CorpInclusi

Scrittrice su due ruote, quattro quando non impenno
CorpInclusi
  • Informazioni
  • Contatti
  • Tag: ansia

    • Muscoli e ossa

      Posted at 11:36 by fedepis, on aprile 29, 2020

      C’era una sedia vicino al muro, era sempre stata lì e quella sera decisi di sedermi per rimanere in penombra. Quando mi rialzai una parte di me rimase seduta a fissarmi con i nostri grandi occhi. Così scoprii che faccia avessi quando mi sembrava di essere su un precipizio senza poter indietreggiare né buttarmi. Quando volevo scappare ma le mie gambe erano inermi. Potevo vedermi respirare come se qualcuno mi comprimesse il petto. Mi ero scissa finalmente, finalmente non sentivo più nulla di quello che Lei provava. Mi inginocchiai e sorridendo le parlai «Io non voglio essere te. Non posso più permettermelo, capisci?»

      Mi alzai e andai a farmi una doccia. L’acqua scendeva giù come se io stessa fossi una cascata, come se fossi la cascata e una ragazza stupida che si butta da una roccia per vedere quanto male faccia l’impatto devastante con l’acqua.
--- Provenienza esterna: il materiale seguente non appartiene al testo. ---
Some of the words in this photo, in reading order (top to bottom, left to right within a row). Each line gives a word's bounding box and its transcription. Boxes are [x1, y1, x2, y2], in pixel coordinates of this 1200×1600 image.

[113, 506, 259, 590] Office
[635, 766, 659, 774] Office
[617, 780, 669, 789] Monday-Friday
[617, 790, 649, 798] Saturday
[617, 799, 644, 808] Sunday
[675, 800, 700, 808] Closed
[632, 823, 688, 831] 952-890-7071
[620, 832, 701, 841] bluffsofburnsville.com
Misi del bagnoschiuma sulla spugna e mi insaponai delicatamente, poi lavai anche i miei capelli, dopo lo shampoo passai del balsamo. Girandomi vidi che l’altra me era lì, nel bagno, con gli occhi velati di lacrime e nuda, il suo corpo era il mio ma non come il mio, eppure lo era stato. Sembravamo così stanche. Lei però lo sembrava più di me. «Lo faccio per noi, lo faccio per entrambe.» Le dissi mentre mi sciacquavo un’ultima vota. Mi fissava senza dire niente e io la afferrai dalle braccia, la tirai verso di me, e come se stessimo ballando, io uscii dalla doccia e feci entrare lei lasciandola sotto il getto d’acqua. Indossai l’accappatoio, tirai su il cappuccio. «Mi parlerai mai?» Le chiesi, alzò la testa senza guardarmi, fissava le mattonelle bagnate

      «Se ne dovessi vedere l’utilità» Mi rispose

      «Conoscendoti…»

      «Già! La troverò»

      Mi misi a ridere «Dio come sei divertente. Lo penso davvero, ci divertiremo un sacco io e te»

      Sbuffò e parlò nuovamente «Prendi in giro te stessa, non dimenticarlo»

      «Sei pesante. Prendo in giro te, non me stessa, io non sono più quello che sei tu» Dissi afferrando il pettine nero che era sul lavandino. Solo in quel momento si girò a guardarmi, prese il bagnoschiuma, se lo buttò addosso, prese la spugna e cominciò a sfregarsi così forte che la pelle divenne rossa «Ne sei proprio sicura?»

      Risi nuovamente «Ti manca la spavalderia per dire certe frasi. E quella me la sono presa io, sarebbe stato uno spreco lasciartela, veniva schiacciata dalla tua paura»

      «Nostra!»

      «Tua, tua, tua… basta! Sta’ zitta» Le urlai, puntandole addosso il manico del pettine particolarmente appuntito.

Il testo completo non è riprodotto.